An Unusual Anti-Suicide Partnership Targeting Gun Shops Is Ramping Up

Photo: John Moore/Getty Images

You probably wouldn’t expect a delegation from the American Foundation for Suicide Prevention to show up to the largest annual trade event for firearms sellers. And yet that’s what happened at the 2017 SHOT Show, which was held last week in Las Vegas. As Maura Ewing writes in the Trace, the delegation, perhaps a bit out-of-place-seeming “among the rows of retailers hawking the latest models of firearms and tactical gear … had come to promote a unique partnership with the show’s organizers on a nationwide suicide prevention program with the ambitious goal of stopping nearly 10,000 deaths in the next decade.”

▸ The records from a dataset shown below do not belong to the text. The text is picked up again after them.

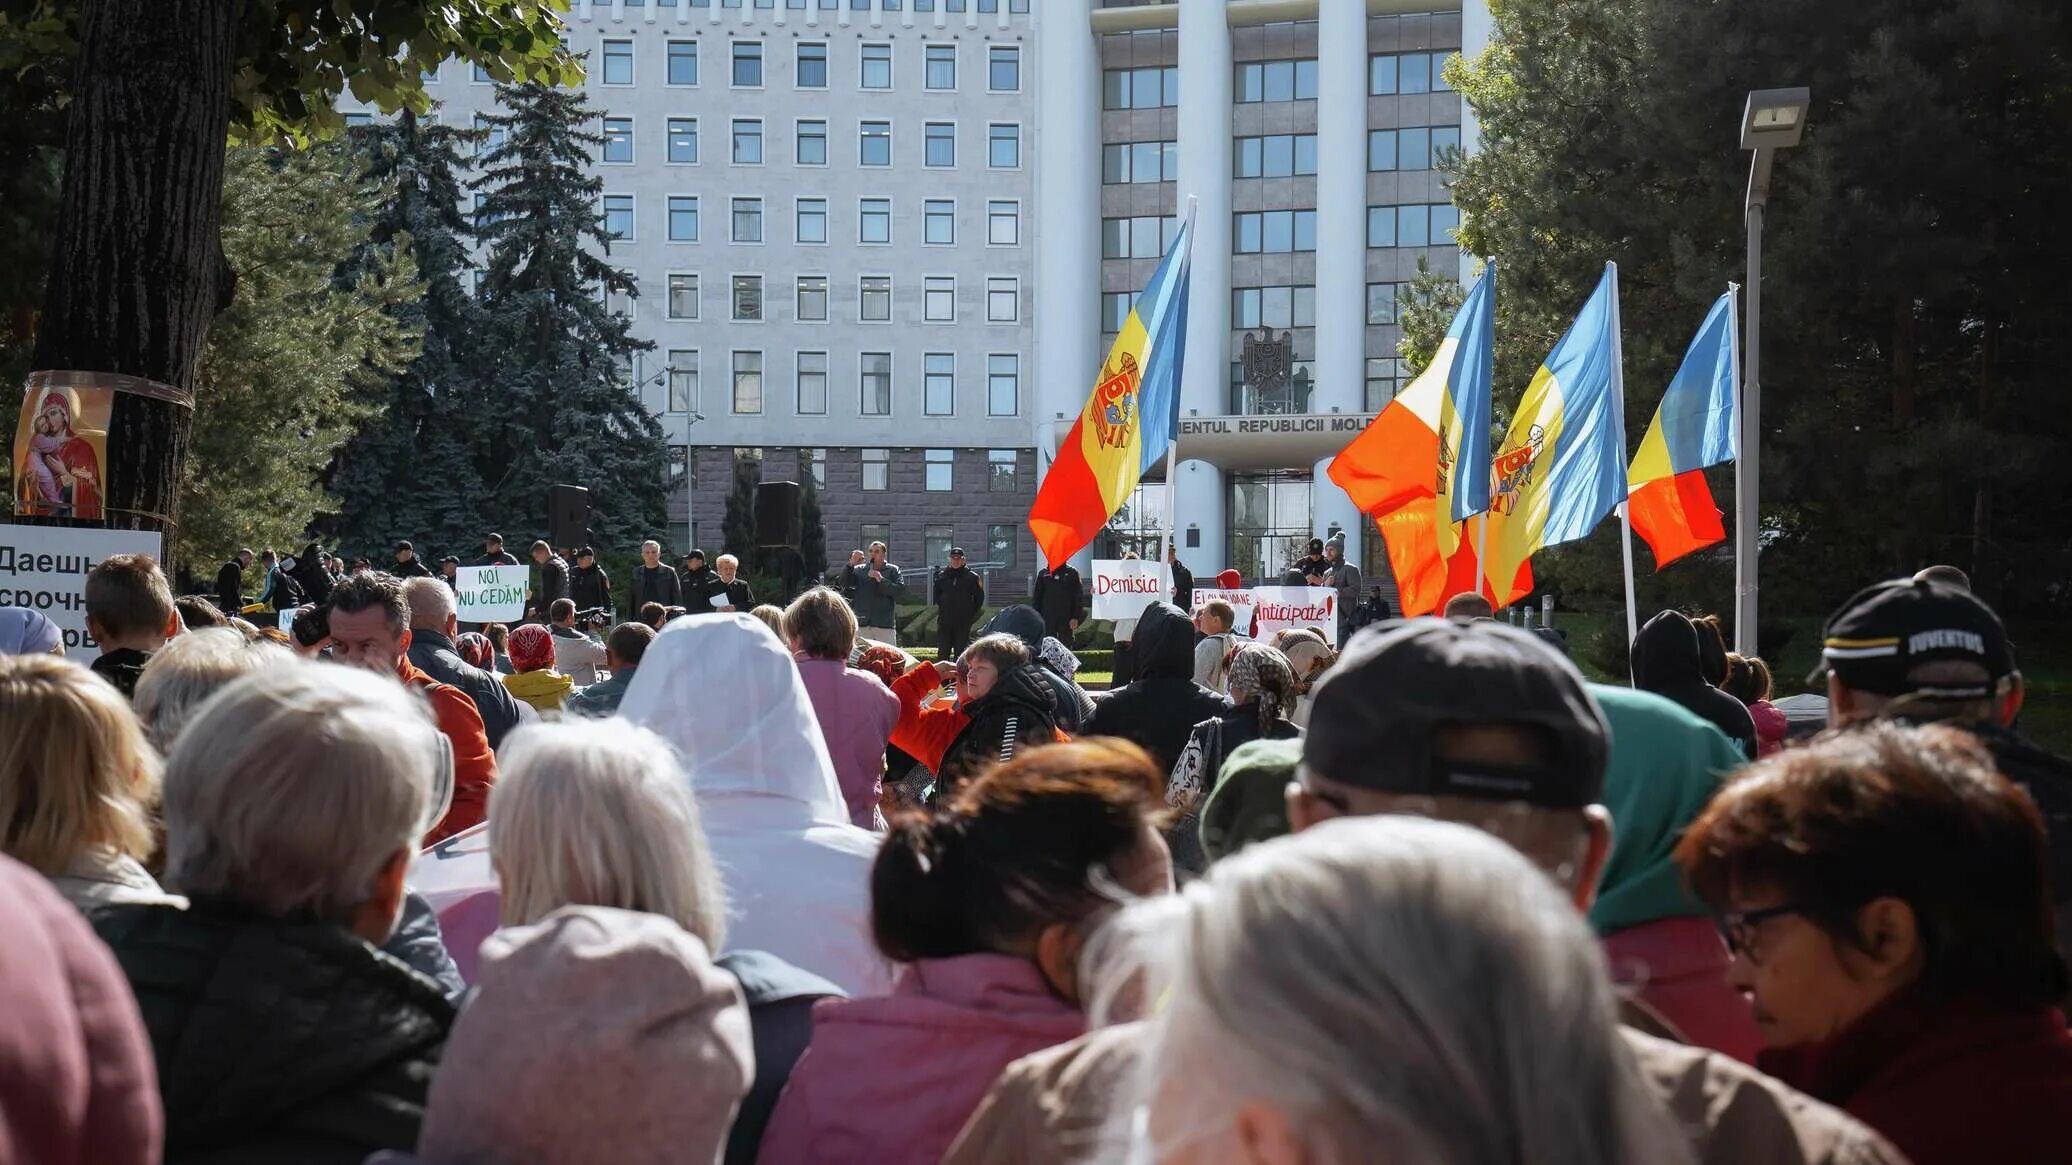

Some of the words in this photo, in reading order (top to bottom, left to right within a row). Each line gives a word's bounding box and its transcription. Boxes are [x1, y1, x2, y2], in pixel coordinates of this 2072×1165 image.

[1239, 419, 1324, 432] REPUBLICII
[478, 567, 500, 584] NOI
[1097, 574, 1159, 595] Demisia
[459, 591, 474, 606] NU
[1908, 629, 1985, 655] JUVENTUS

Joining the group in that partnership is the National Shooting Sports Foundation, which puts on SHOT. It might seem like an unlikely alliance until you realize just how big a part of the gun-deaths equation deaths by suicide are. “More than half of all suicides in the United States are carried out with a firearm, and gun suicides make up the majority of fatal shootings,” writes Ewing. “In 2015, nearly two-thirds of all gun-related deaths in the country were by the shooter’s own hand, according to an analysis by the Centers for Disease Control and Prevention.”

The NSSF and AFSP, whose collaboration was highlighted in a recent JAMA article, are focusing on people who are in the midst of mental-health crises. As a bunch of research has shown, suicide is a more impulsive act than many people realize — there are plenty of cases in which it really can be life-saving to temporarily cut someone off from access to a deadly tool like a gun. This initiative is “intended to educate gun shop owners and shooting range operators on the risk factors and warning signs of suicide, and to provide guidance for family members who wish to restrict access to firearms from a loved one in crisis.” Part of the hope is that word will then filter down from these trusted voices to gun owners themselves, making the entire gun-owning community safer and better informed.

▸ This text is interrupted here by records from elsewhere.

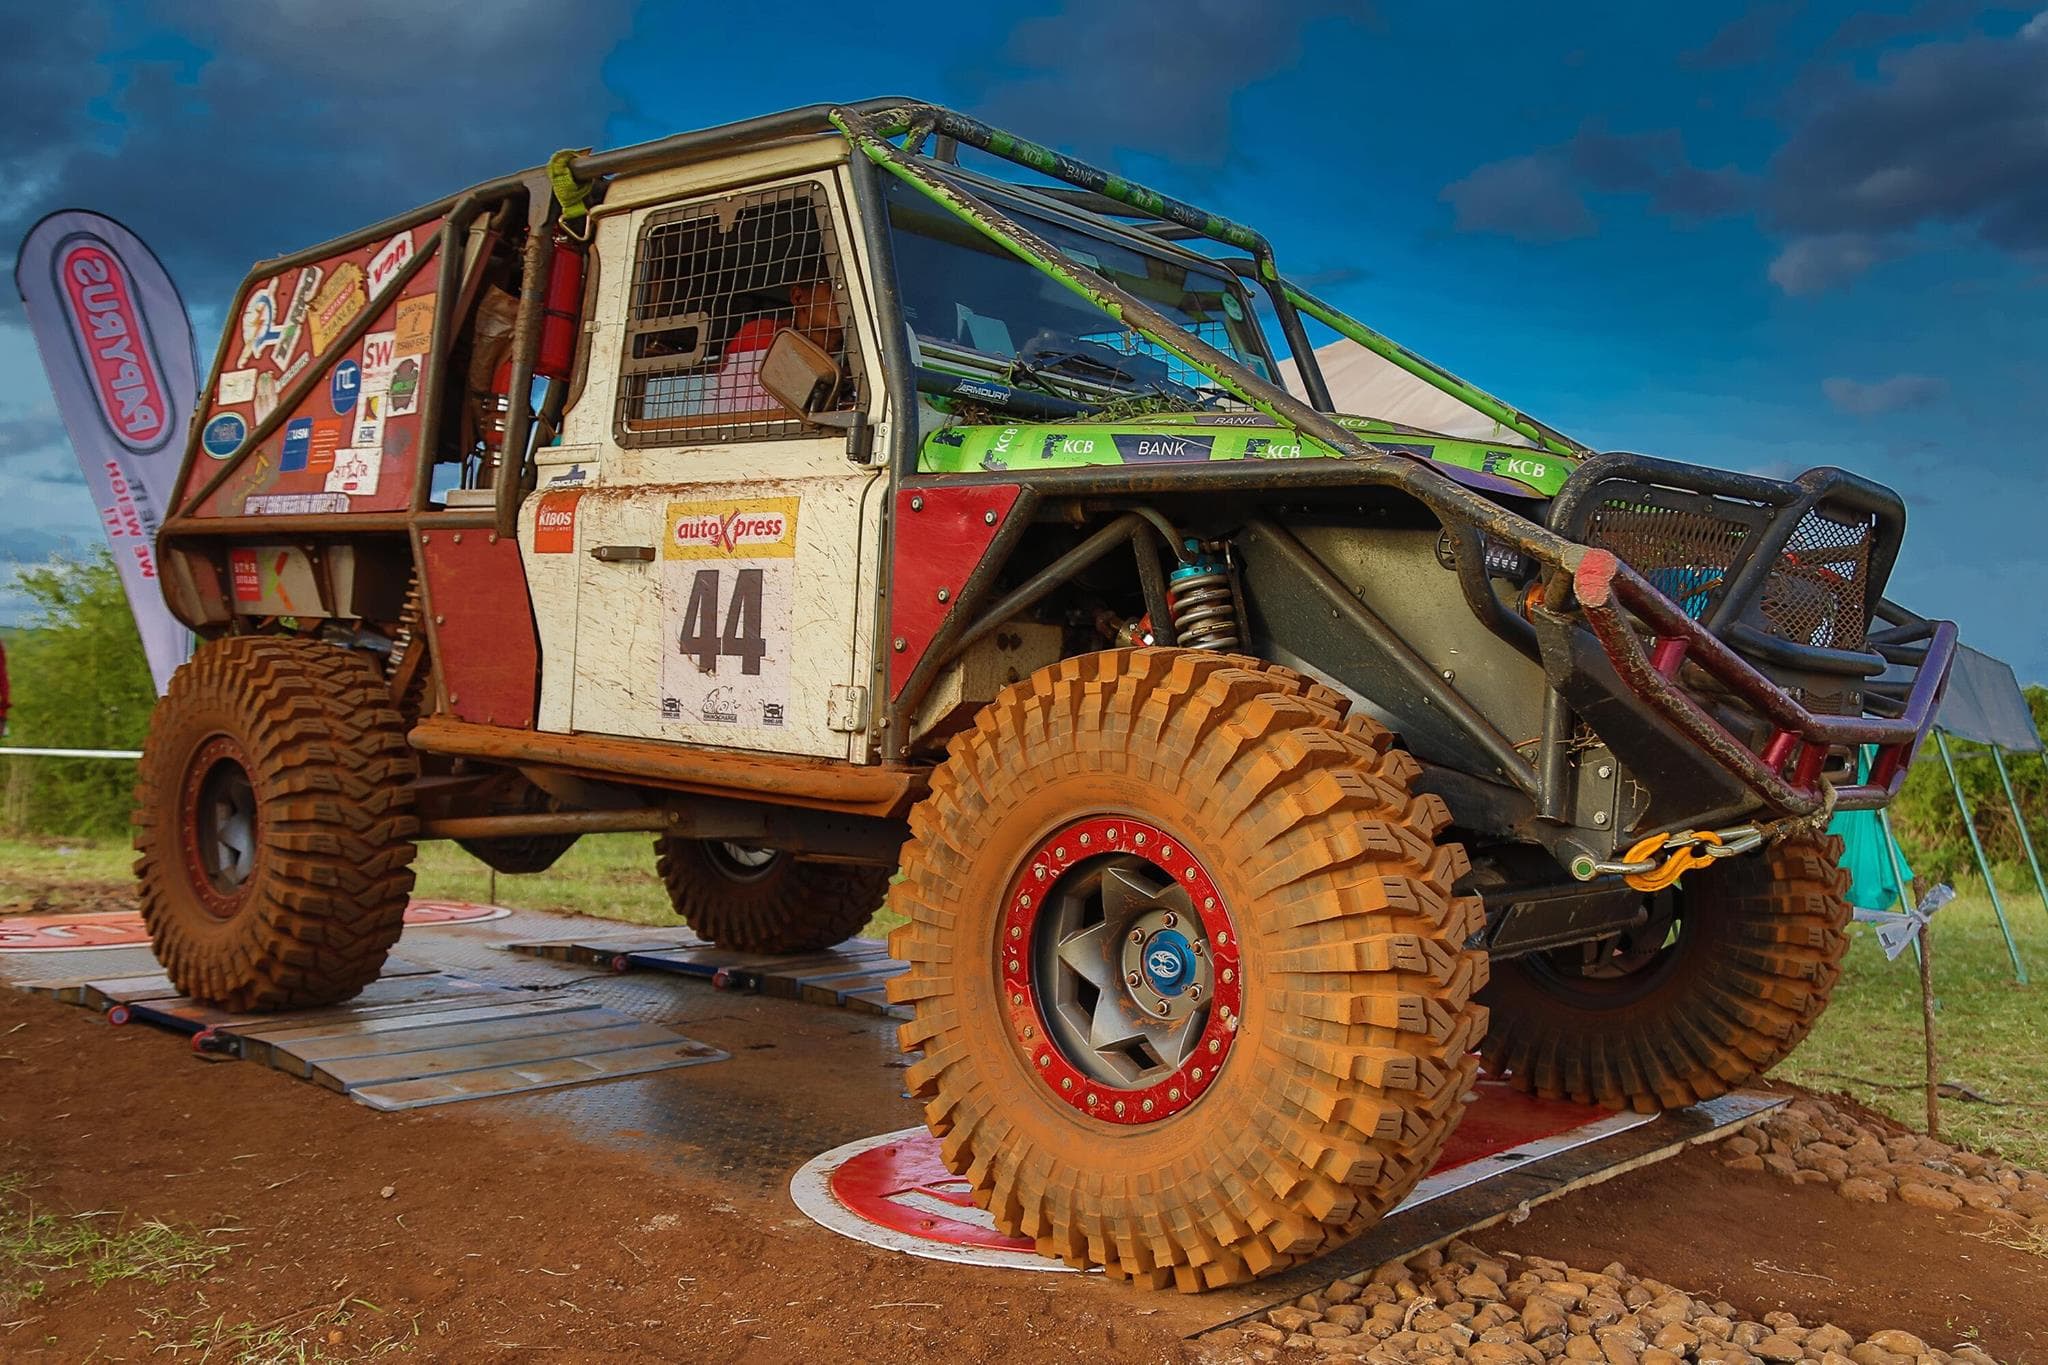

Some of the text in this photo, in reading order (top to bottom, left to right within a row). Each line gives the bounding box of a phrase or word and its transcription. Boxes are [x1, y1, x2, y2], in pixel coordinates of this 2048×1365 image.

[1066, 166, 1096, 185] BANK
[958, 383, 1010, 402] ARMOURY
[1338, 418, 1371, 428] KCB
[993, 427, 1018, 453] KCB
[1063, 440, 1301, 459] KCB BANK KCB
[1507, 459, 1546, 478] KCB
[538, 511, 573, 526] KIBOS
[677, 508, 783, 553] autoXpress
[680, 569, 766, 676] 44

The phrase “harm reduction” doesn’t come up in Ewing’s piece, but that’s exactly what this is: a measure designed to accept that we live in a flawed world that isn’t going to change anytime soon, and to improve public health to the extent possible given the constraints imposed by reality. “This initiative is starting with the reality that guns are in one-third of American homes so, given that, what can they do to keep someone safe?” Christine Moutier, chief medical officer for the American Foundation for Suicide Prevention, told Ewing. “We’re simply saying have that caring conversation that should include offering to help them secure their firearms temporarily if they’re having this crisis.” In other words: The best way to reduce gun suicides would be to have fewer guns floating around, but since that isn’t going to happen anytime soon (maybe ever, in this country), what else can be done to help keep people safe?

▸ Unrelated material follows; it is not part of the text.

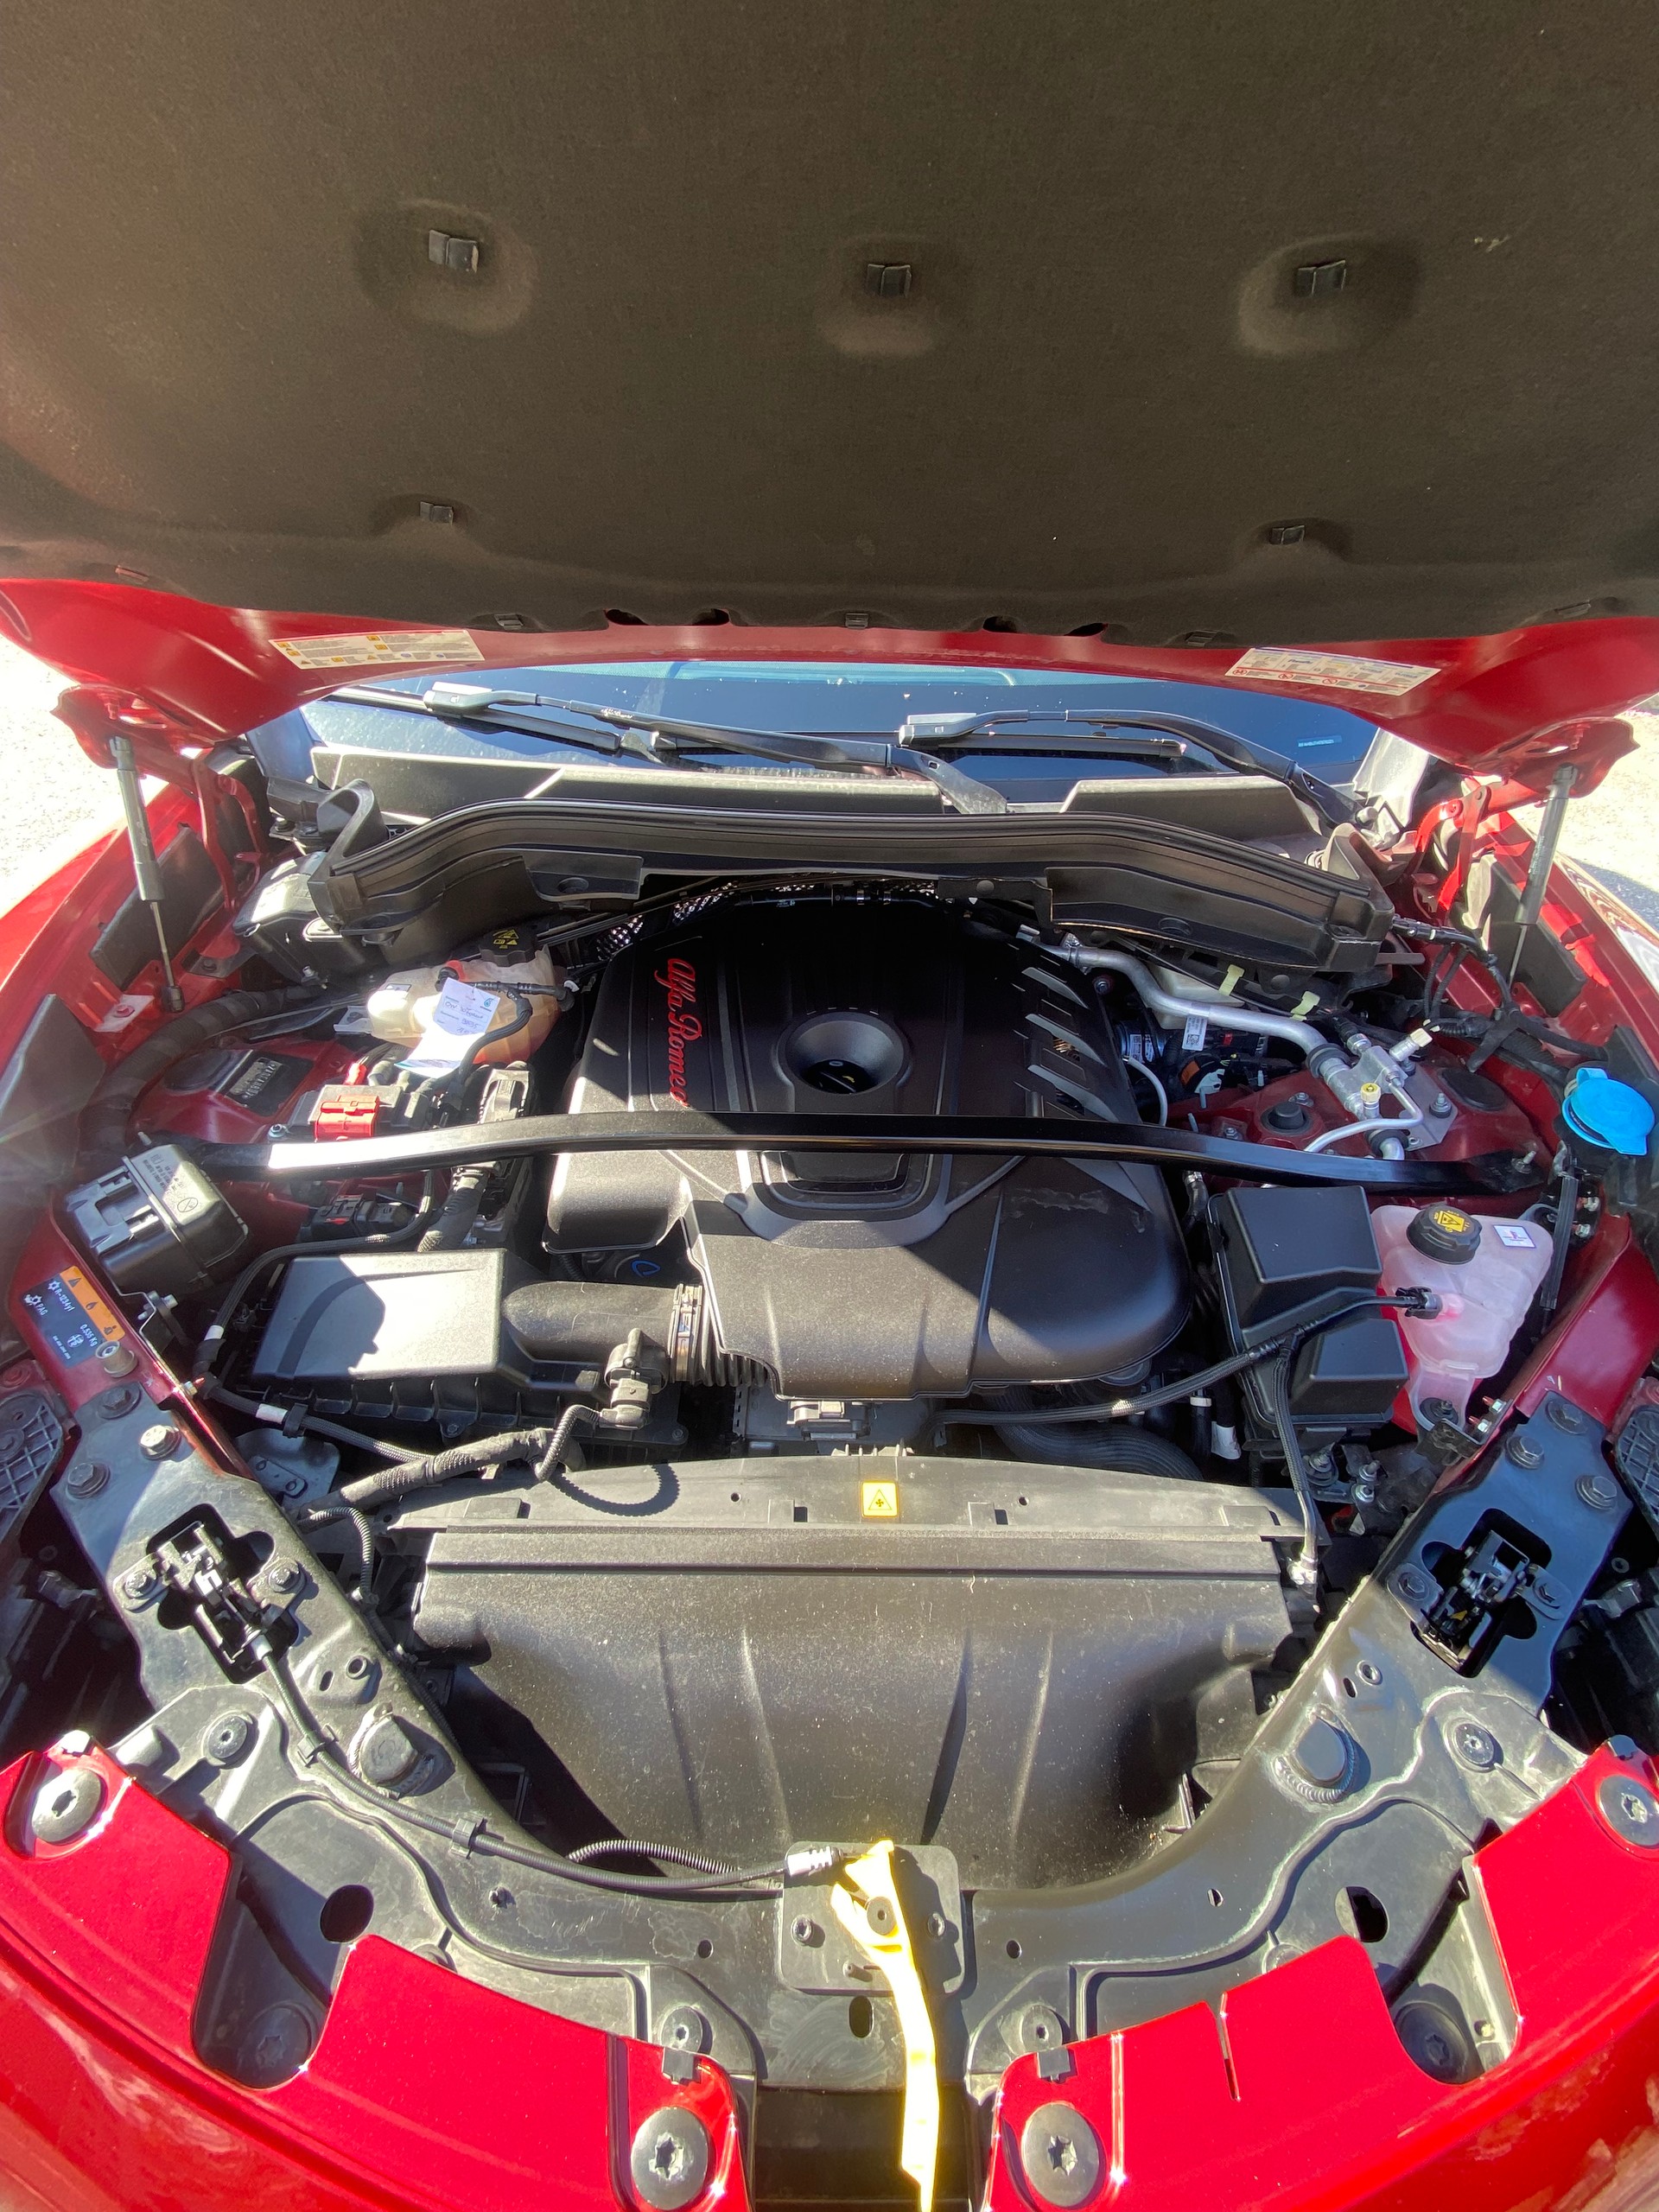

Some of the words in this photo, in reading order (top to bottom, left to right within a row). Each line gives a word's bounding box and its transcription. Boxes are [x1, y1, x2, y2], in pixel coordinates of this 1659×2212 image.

The program appears to make deft use of the power of social norms. Gun owners tend to be afraid of the idea of the government taking their weapons, so the collaboration is specifically structured to assuage these fears. For example, “A brochure [for the program] stresses that restricting a person’s access to firearms while he or she is at risk for self-harm is a temporary measure, and put[s] an emphasis on storing weapons securely.” This is a way of communicating to gun owners the message that People like you should care about this — there isn’t an ulterior motive here. The fact that half of the collaboration is a respected gun-owners’ group certainly helps matters.

It sounds like this collaboration is too early along for anyone to have good data on its outcomes, and this will likely be a tough thing to rigorously evaluate anyway. But the initiative comes across as very well-informed about which messages people listen to and which they ignore — which could, in this case, save a bunch of lives.